Hayatın içinde varolan anları doyasıya yaşamak isteği insanı çoğu zaman hiç birşey yapmamaya götürüyor. Doyasıya bir aşk yaşamak istediğinde aşkının peşine birçok şey takman gerekiyor. Belki gelecek belki de dünden sana katılan birçok şey ve şeycikler. Kanıt isteniyor, gerekirse belgelensin deniyor. Aşk bile şaşırıyor kendinden beklenenlere durup kalıyor.

Düz yazı çalışması devam ediyor. Hızlı hızlı beyaz kağıdın üzerine düşen satırları sakinleştikten sonra temize çekiyorum ve kalplere postalıyorum. Gün geliyor adrese ulaşıyor, kapı çalınıyor, içeriden ses gelmeden kapı açılıyor. Önce bir göz öpüşmesi, güzelim boyun kuytularına buseler ve dudaklar buluşuyor bir adım ötede nefesler olduğu halde. O an düşünülmüyor ya da düşünmüyorum. Daha zamanı olduğu söyleniyor, bekleniyor.

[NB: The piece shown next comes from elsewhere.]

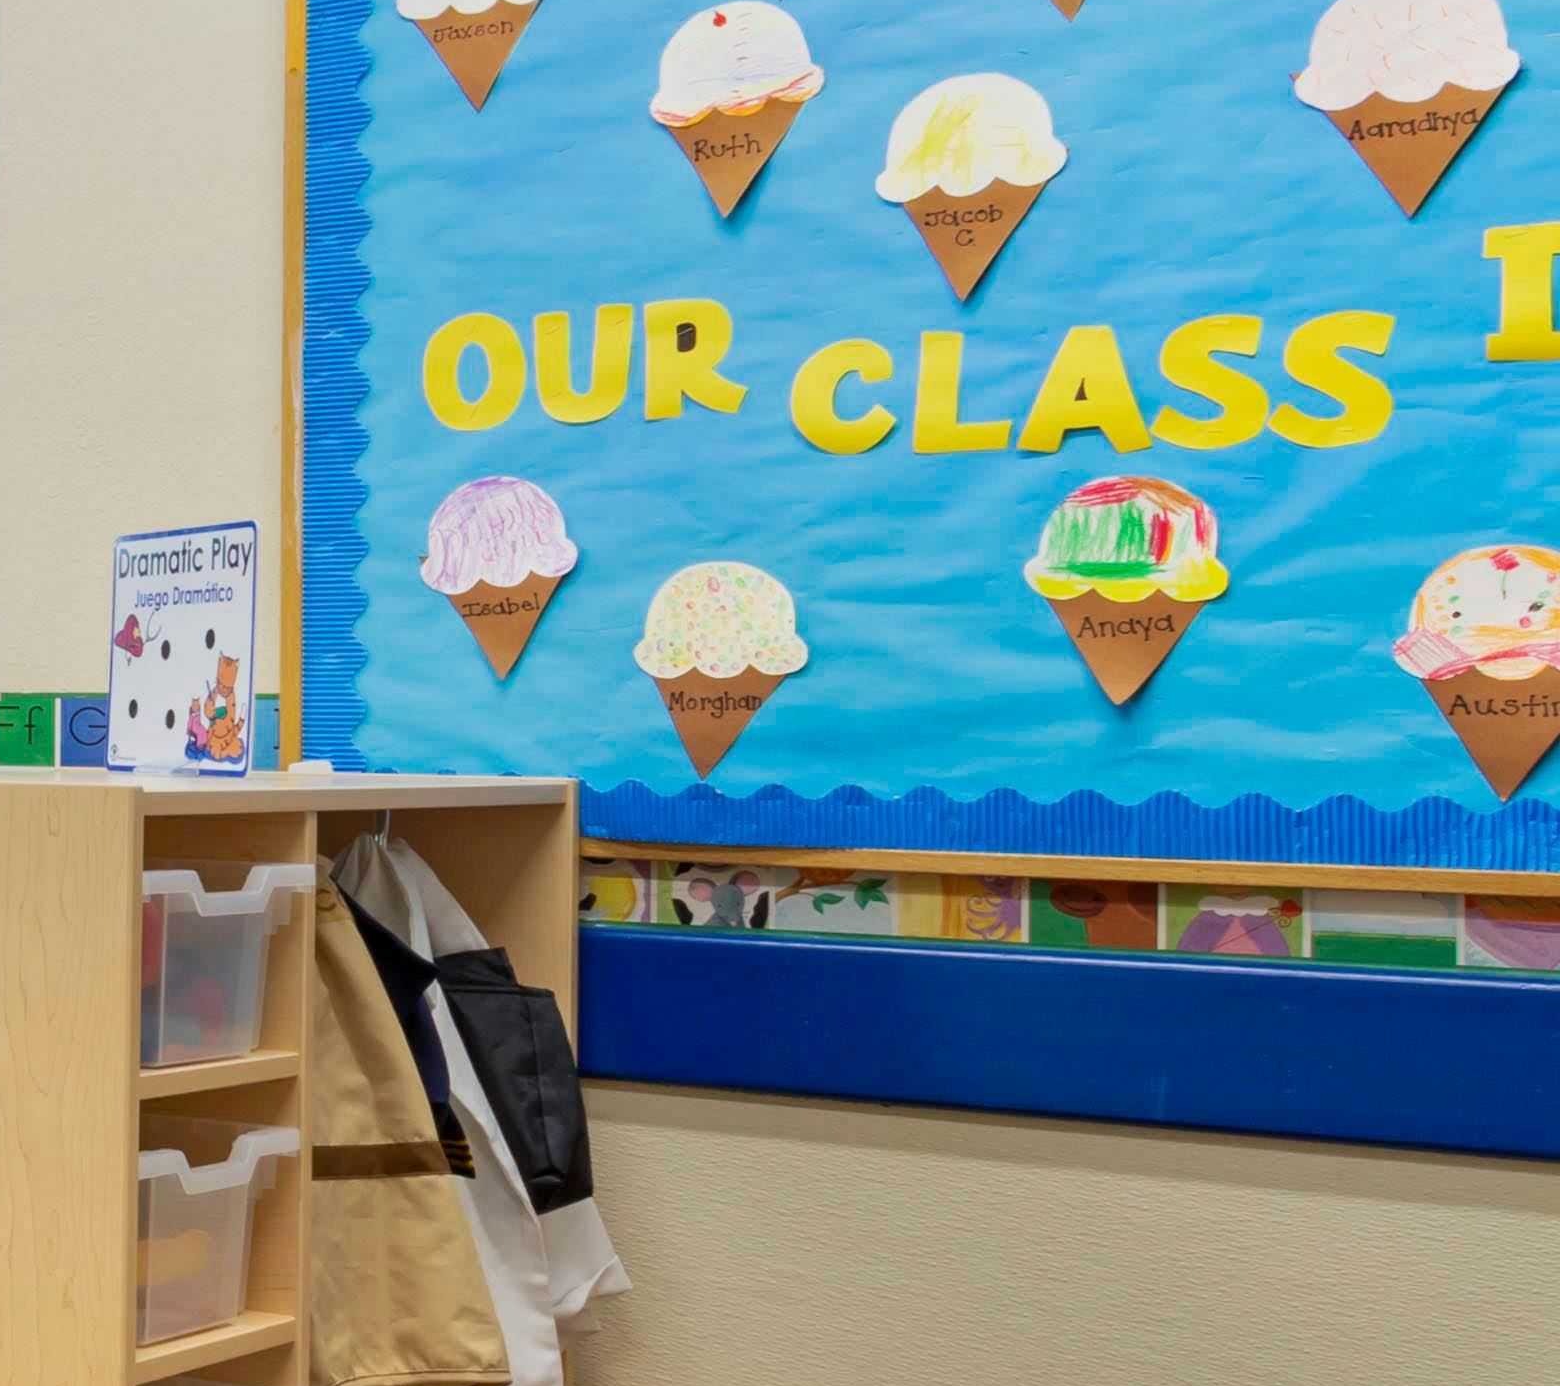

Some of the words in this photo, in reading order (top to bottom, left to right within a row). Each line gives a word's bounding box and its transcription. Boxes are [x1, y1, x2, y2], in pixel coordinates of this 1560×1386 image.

Salonun L köşesinde I gibi yatılıp gün ağırmadan etrafa gözler armağan ediliyor. Hayatın anları nefes almaya devam ediyor.

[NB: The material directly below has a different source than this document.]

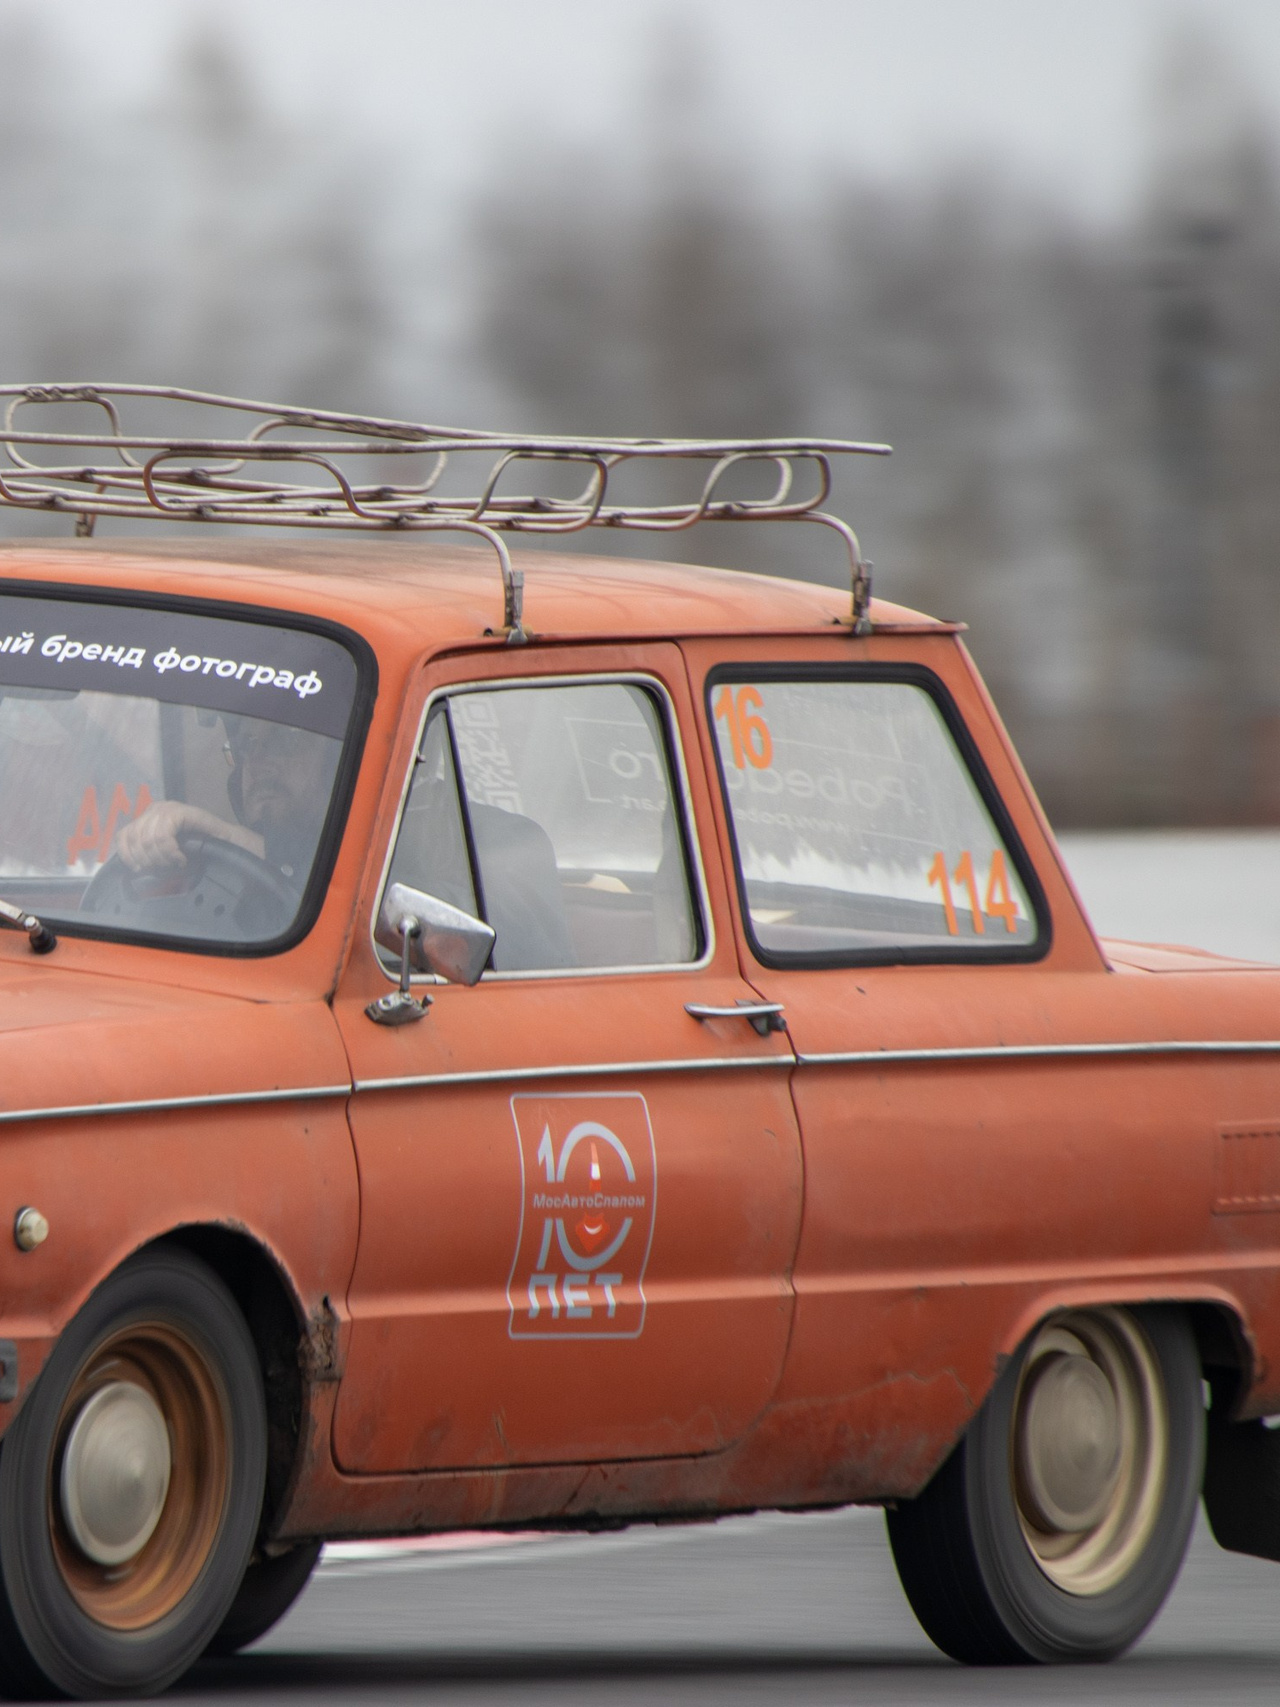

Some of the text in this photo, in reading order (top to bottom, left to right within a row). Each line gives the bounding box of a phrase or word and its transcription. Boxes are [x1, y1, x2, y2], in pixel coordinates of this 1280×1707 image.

Kimsin sorusunun cevabı çok sıkıcı olabilir. O kimi yaşamak gerekiyor. Ne ben tarif edebilirim ne de ürettiklerim. Alırım yaşadığım günleri koynuma, onlarla uyurum mışıl mışıl. Sabah uyandığımda tüm yaşadımlarım o sabah olur. Ne dün ne de yarın. Kimbilir daha neler yazarım? Seni mi ? Ben kendi seni mi yazarım. Karşıdan görünen seni çok güzel yazarım. Kalbinin gülüşünü, gözlerindeki sis perdesini, kafana bir an için uğrayıp giden düşüncelerini ve kendi beğenmediğin tüm noktalarını beğendiğimi yazabilirim. Işin kötüsü bir de metin yazarıyım. Metin yazarı olmadığım günLerde yazdıklarım daha anlamlı gelirdi. Şimdi ise işimde yazmak olduğu için sanırım yazdıklarımın duygusuna dokunmadan önce zaten metin yazarı düşüncesi konuk oluyor insanlara.

Duygularımı katarım nefesimin içine ve öylece içime çekerim hayatın anlarını. An işte adı üstünde an. 24 saat içinde bir an yüzüm güldümü doyum olmaz o güne. Hayatın o anları çok uzun sürmez belki ama sadece o anın bile keyifli olması günü kurtarır. Kimileri anı önemsemez. An, yeterli gelmez, onlar yıl peşindedir, hayat peşindedir. Uzayıp gider koşuşturmalar, çektikçe uzar ve günün birinde bıraktıığında pat diye yüzüne çakar ve çok acıtır. O nedenle, ya sürekli çekeceksin büyüsün gelecekleri kurtarsın diye ya da nokta nokta yaşayacaksın. Keyif noktalarını üstüste ekleyeceksin. Gerektiğinde bir fiske ile yıkıp tekrar tekrar ekleyeceksin.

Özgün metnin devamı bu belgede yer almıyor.